The bleeding walls and voice saying “Get out” I can live with but the inadequate natural light in the breakfast nook is intolerable.
There’s a seagull standing near the people waiting for the grocery store to open, and I kind of want to see where this goes.
WHY DO BUGS KEEP FLYING AROUND YOU WHEN YOU ARE CLEARLY TRYING TO KILL THEM
In hindsight, when I caught up with my old friends and told them their kids were shooting up, I should have clarified I was talking about their height.
jason: may I tell u something?
me: anything baby.
jason: for the last year whenever u get drunk u start to make Pig Noises, u do it with a challenging look in ur eye, if I ask u about the Pig Noises u get offended and run away to the next room where u continue to oink softly
You’re not allowed to judge someone based on their scream in bug related situations.
What’s worse than a chick telling you she only thinks of you as a friend? When she says she thinks of you like a brother.
My least favorite part of Top Gun: Maverick was when my girlfriend loudly said “are you crying?” and a bunch of people started looking at me
“Nothing there? Better bark at it.” – a dog
2020 became the year I purchased a printer and remembered that printers are the hardest problem in computer science.
– What was high school like for you?
*2h22m later
– That was just the plot to Shawshank Redemption
Me: Granted, the similarities are uncanny
Just saw an amazing deal for Valentine’s Day “You’re My One and Only” cards.. 2 for $5
*reading* 160 calories *thinking* Let me break it down to see how much I should eat. *reading and thinking* The can is 14.2 ounces, the serving size is 245 grams and the servings per container are about 3.
And we wonder why America is getting fat.
MATH
The 11th commandment was, “Talk shit, get hit” but God totally didn’t have enough room on those stone things, so, like, yeah.
I refuse to eat the food I just begged for.
-Kids
[romantic dinner]
her: “I was hoping it might just be the two of us.”
ventriloquist dummy: “he said I help with his confidence.”
That’s it. I’m no longer running to the store for any ingredients I forgot.
So tonight’s spaghetti dish will just have to do without
*checks list* spaghetti
Him: Flash me a smile. You’re prettier when you smile.
I seductively part my lips to reveal one perfect orange slice.
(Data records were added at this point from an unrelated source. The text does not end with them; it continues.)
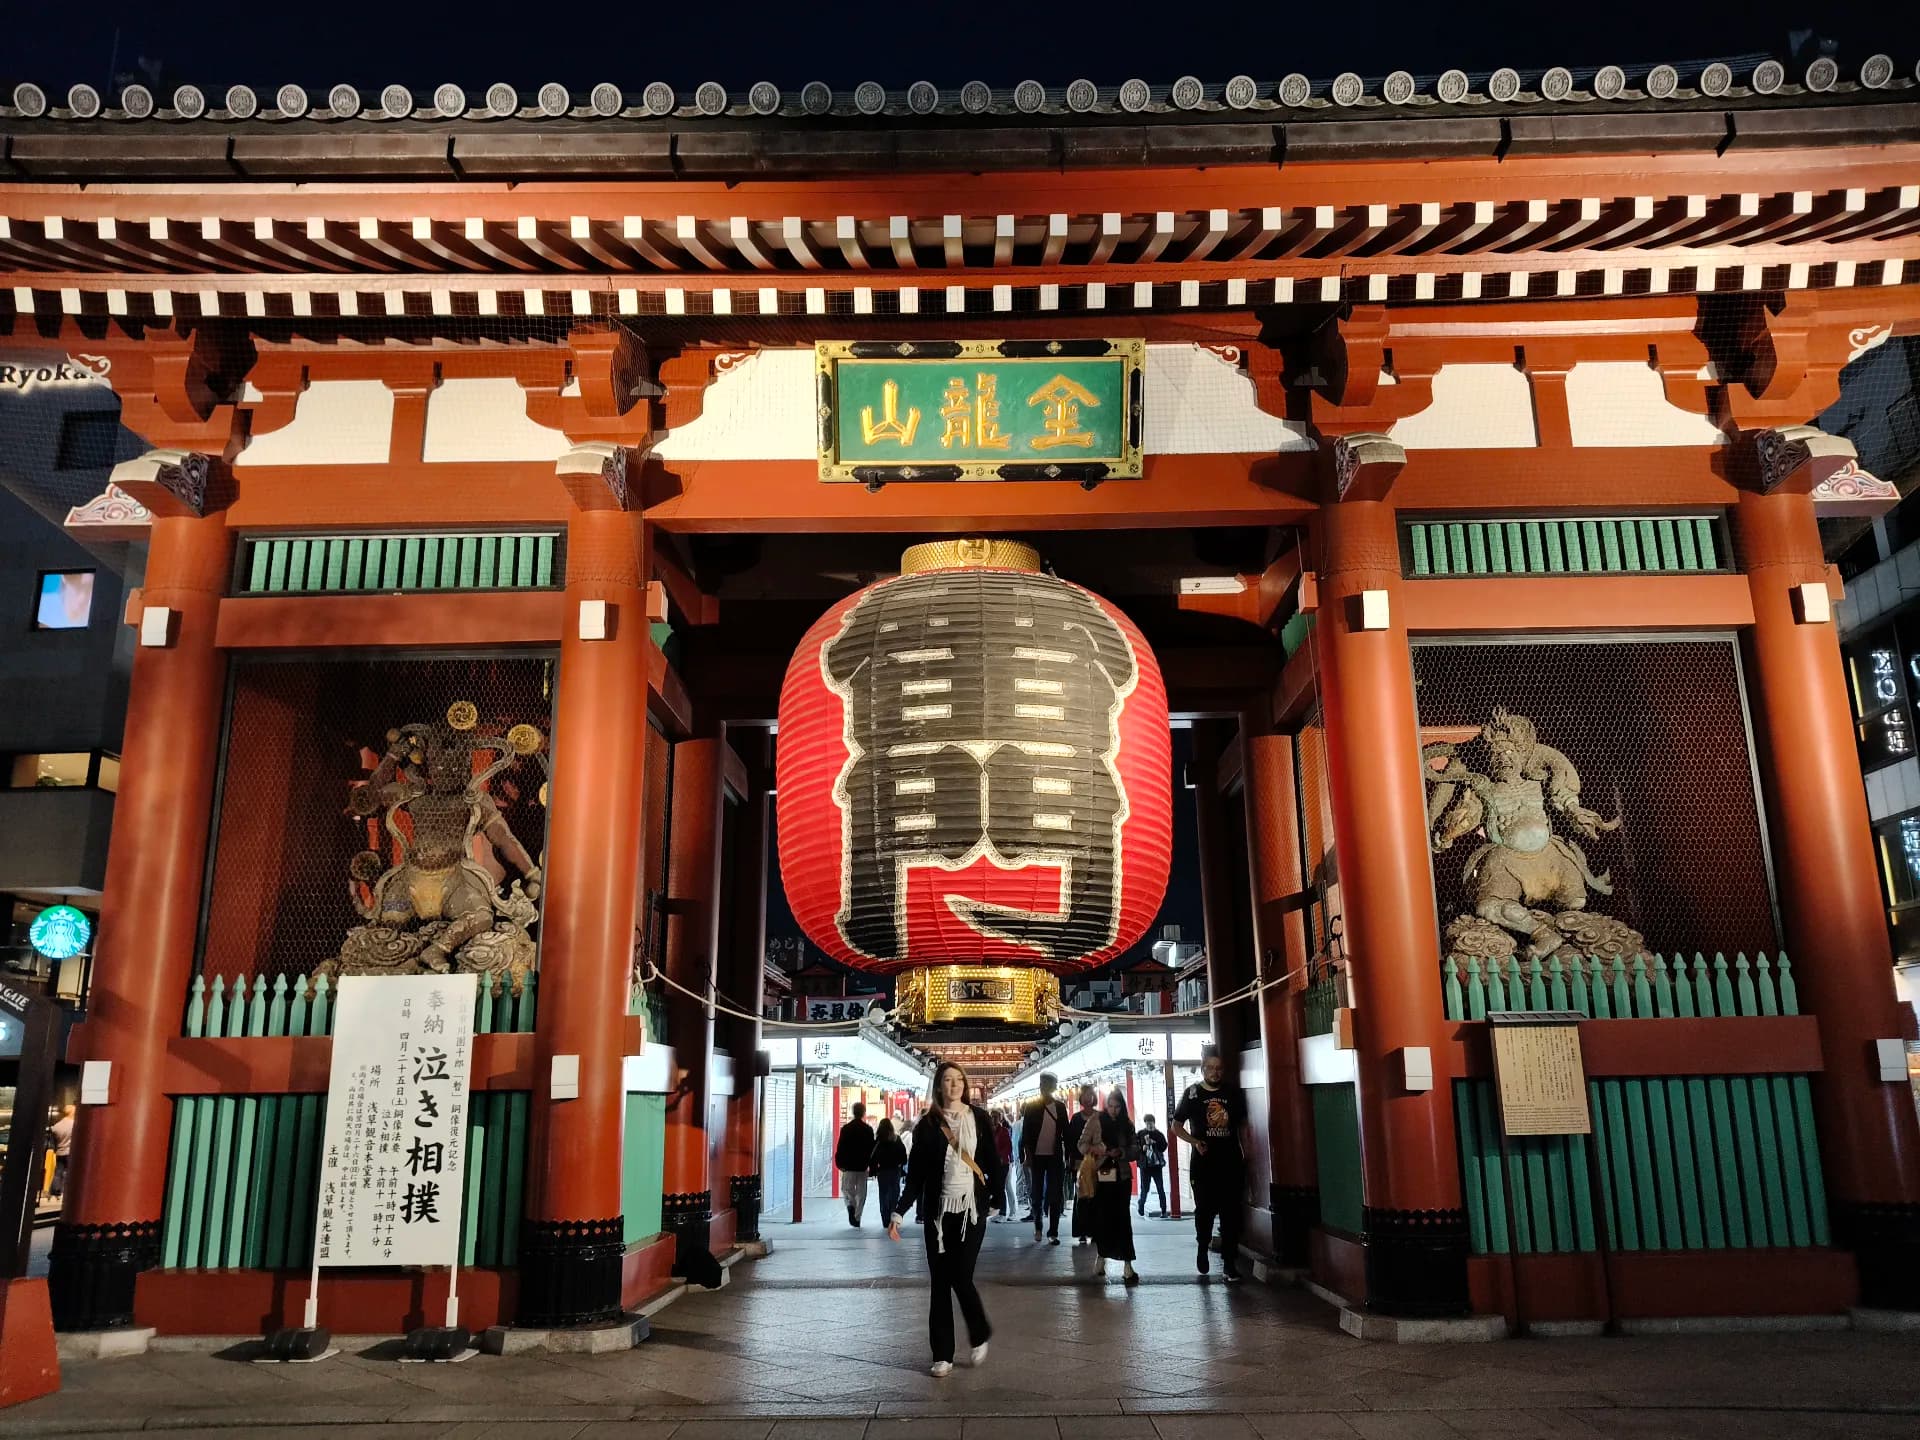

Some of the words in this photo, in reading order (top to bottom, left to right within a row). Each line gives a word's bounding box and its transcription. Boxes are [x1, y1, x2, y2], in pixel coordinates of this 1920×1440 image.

[0, 364, 94, 389] Ryoka
[4, 988, 30, 1007] GATE
[401, 998, 412, 1018] 日時
[424, 990, 445, 1034] 奉納
[951, 981, 1011, 1000] 松下電器
[370, 1064, 381, 1088] 場所
[362, 1101, 378, 1189] 浅草観音本堂裏
[379, 1109, 391, 1153] 泣き相撲
[400, 1046, 450, 1224] 泣き相撲
[328, 1145, 339, 1168] 主催
[320, 1181, 336, 1258] 浅草観光連盟
[372, 1166, 387, 1246] 午前十一時十分
[384, 1166, 399, 1258] 午前十時四十五分
Boss: Why do you look so sad?
Me: I actually paid a college hundreds of thousands of dollars so I could do this
[at dinner]
Wife: This is terrible.
Me: Horrible.Waiter: Hey folks, how’s your food?
(simultaneously)
Wife: Amazing! Me: Fantastic!
One day you’re bad to the bone and before you know it you’re tired to the bone
My kids can be so quiet, comatose almost. Until I am on a phone call.
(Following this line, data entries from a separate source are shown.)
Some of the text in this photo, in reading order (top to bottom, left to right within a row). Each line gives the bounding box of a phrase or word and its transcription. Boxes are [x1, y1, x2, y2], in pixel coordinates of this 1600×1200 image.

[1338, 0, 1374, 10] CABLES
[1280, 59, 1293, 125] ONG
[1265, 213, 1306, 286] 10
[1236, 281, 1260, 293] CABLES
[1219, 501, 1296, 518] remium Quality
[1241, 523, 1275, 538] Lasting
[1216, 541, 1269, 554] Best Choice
If drinking too much alcohol makes you an alcoholic, does drinking too much Fanta make you fantastic?
The most unbelievable thing in movies is when someone guesses the password of a computer that’s not theirs. I can’t even figure out my own password. That I changed yesterday.
Guys, we’ve lost the battle on “I could care less.” Let’s move forward, focus on “should of.”
If history has taught me anything, it’s that the person with the loudest, wettest cough will always sit down beside me in a waiting room.
just found out I have poison ivy and the doctor gave me steroids so I guess now the plan is to get super jacked and go back and fight that plant
Hey, remember that person you thought you couldn’t live without? Well look at you, living and shit.
[buying groceries]
me: do you think Jeff Bezos’ divorce will impact this place at all?